> I don't think you adddressed the question whether (Leibniz's)
>Euclid engaged in the practice of representing a mathematical entity by a
>raw equivalence class.
> It was Euclid's construction, not Leibniz's dissatisfaction with
>it, I had in mind as an example of taking a raw equivalence class to be
>the "object".
I apologize for misunderstanding your point. I mistakenly thought you were
attributing the use of equivalence classes as objects to Leibnitz.
But I think attributing this use to Euclid is also wrong, for the reason
stated by Mayberry. As far as I know, Euclid defines equality-of-ratio as a
quaternary relation between magnitudes or, perhaps more precisely, a binary
relation between pairs of magnitudes of the same kind. He doesn't have
ratios as objects.
> I think you missed a point, too, about set theoretic reduction.
>It really is logical sloppiness to set theoretically represent a non-set
>entity by a set.
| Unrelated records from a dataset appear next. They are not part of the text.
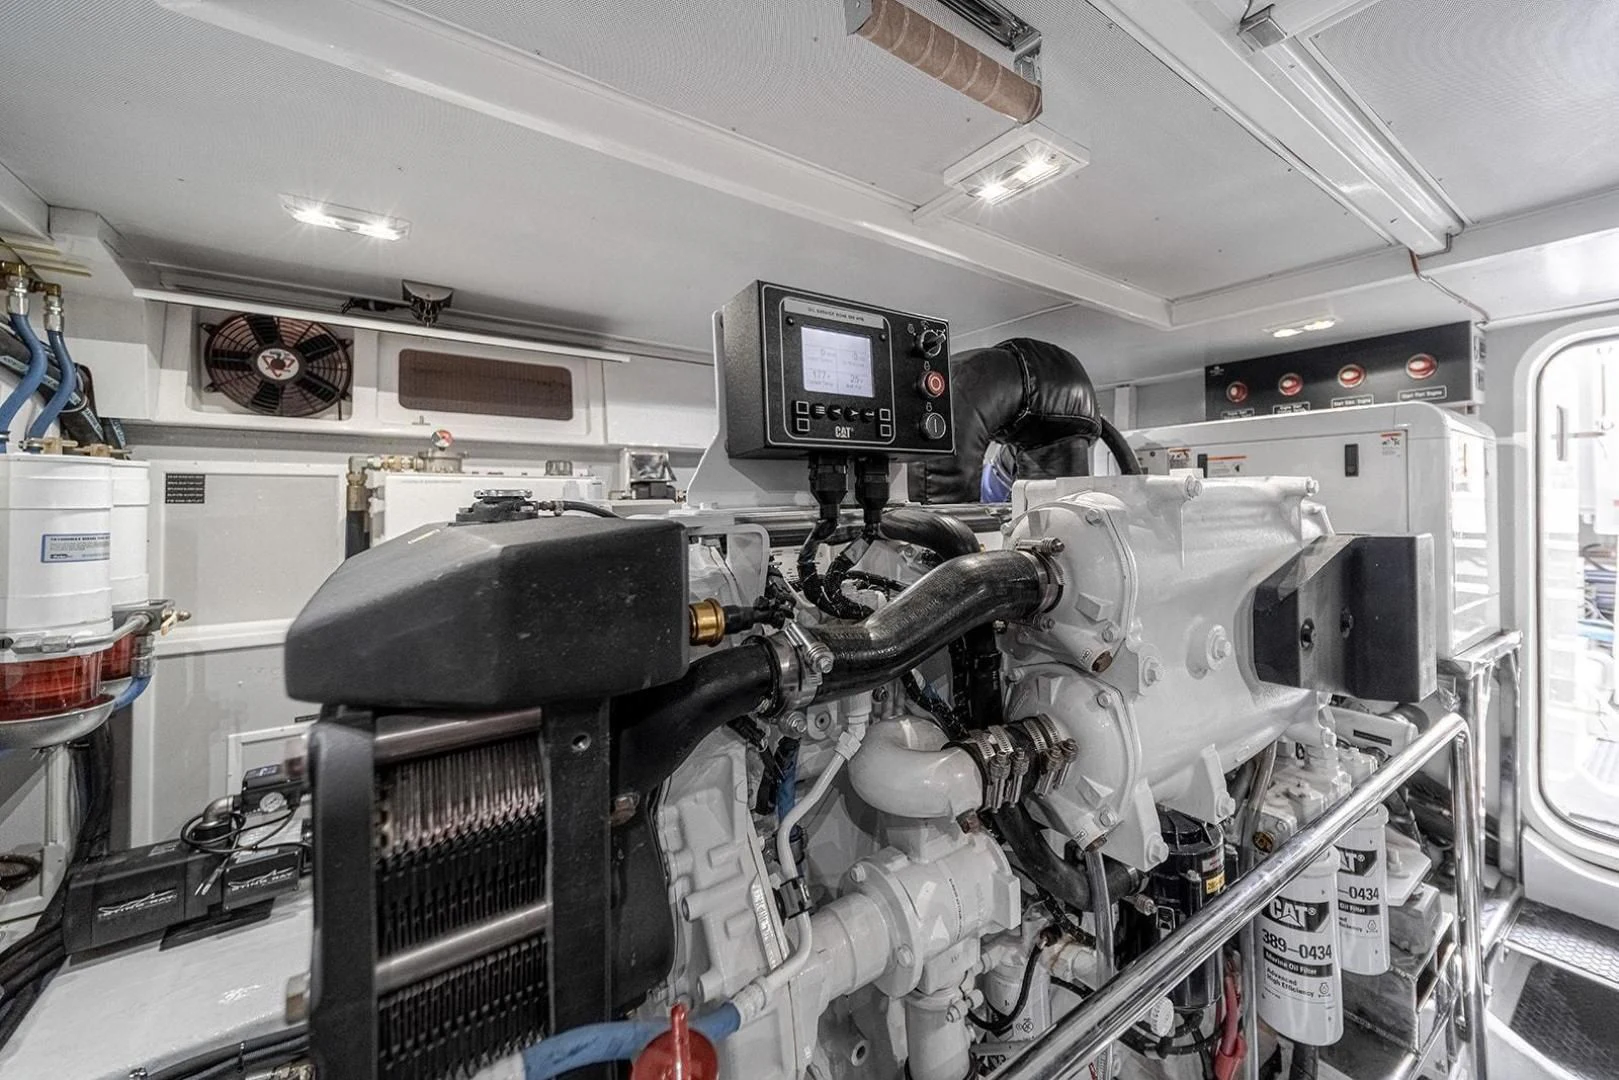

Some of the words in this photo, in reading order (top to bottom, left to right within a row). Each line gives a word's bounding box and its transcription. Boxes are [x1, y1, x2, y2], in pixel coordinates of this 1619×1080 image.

[1266, 967, 1298, 987] Advanced
[1288, 962, 1299, 972] Oil
[1299, 966, 1317, 976] Filter
[1281, 982, 1315, 998] Efficiency
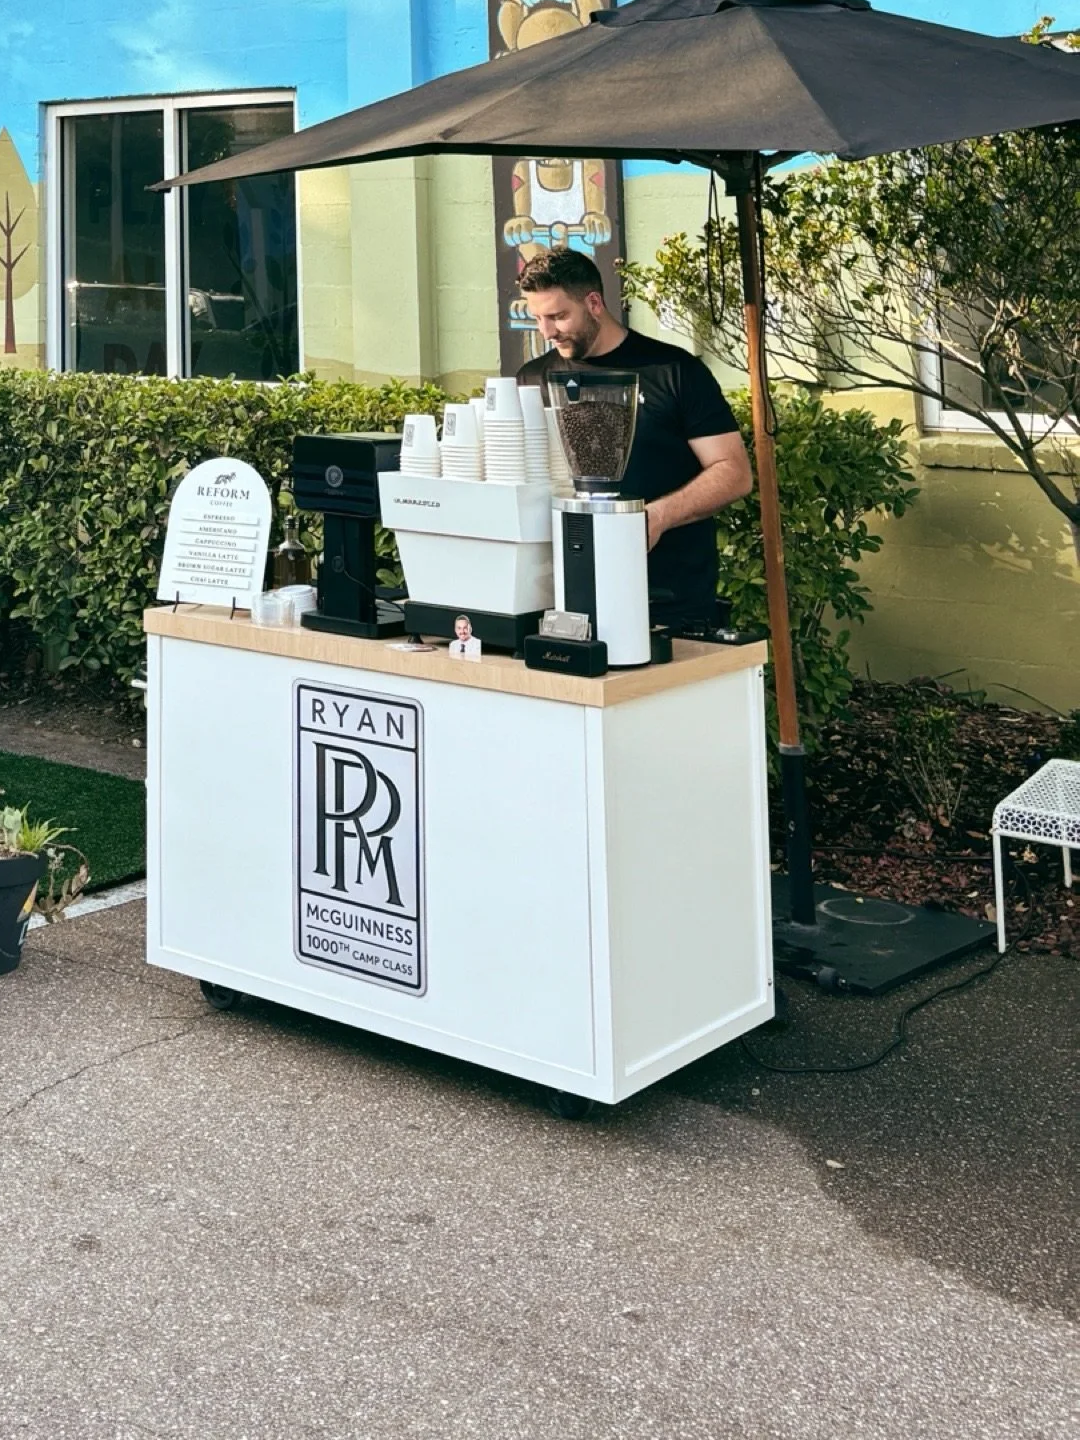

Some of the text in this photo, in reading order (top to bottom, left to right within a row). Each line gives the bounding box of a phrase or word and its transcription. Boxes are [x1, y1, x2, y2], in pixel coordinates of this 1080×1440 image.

[196, 485, 250, 500] REFORM
[198, 526, 238, 535] AMERICANO
[194, 537, 237, 548] CAPPUCCINO
[188, 550, 239, 561] VANILLA LATTE
[177, 561, 201, 570] BROWN
[225, 566, 246, 574] LATTE
[207, 578, 229, 586] LATTE
[311, 698, 405, 740] RYAN
[351, 950, 380, 966] CAMP
[382, 959, 413, 976] CLASS
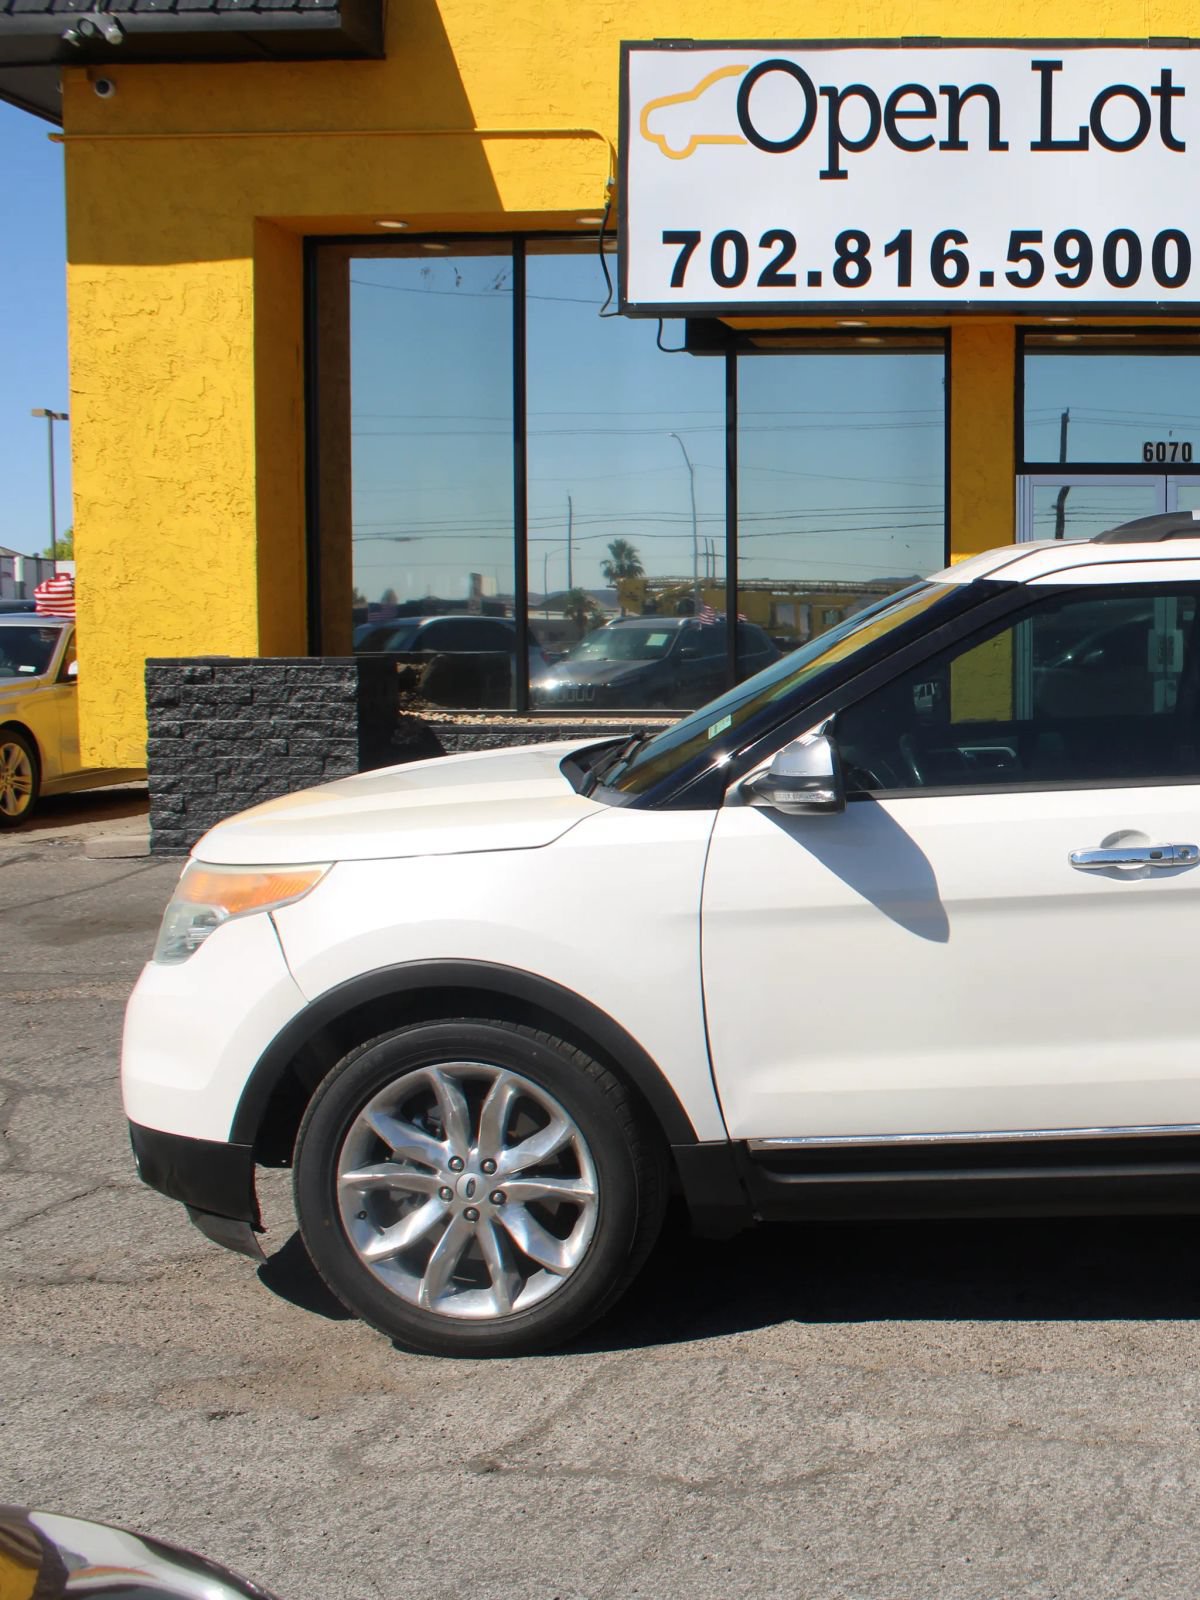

Call it "set theoretic reductionism" if you like, but
>that doesn't excuse it.
> I see your question as being about when
>mathematicians lost their fastidiousness and decided that it was okay to be
>sloppy because they knew how not to make any silly "mistakes".
This is a value judgment to which I am not entirely unsympathetic. I am
certainly aware that reductionism is problematic in all sorts of ways.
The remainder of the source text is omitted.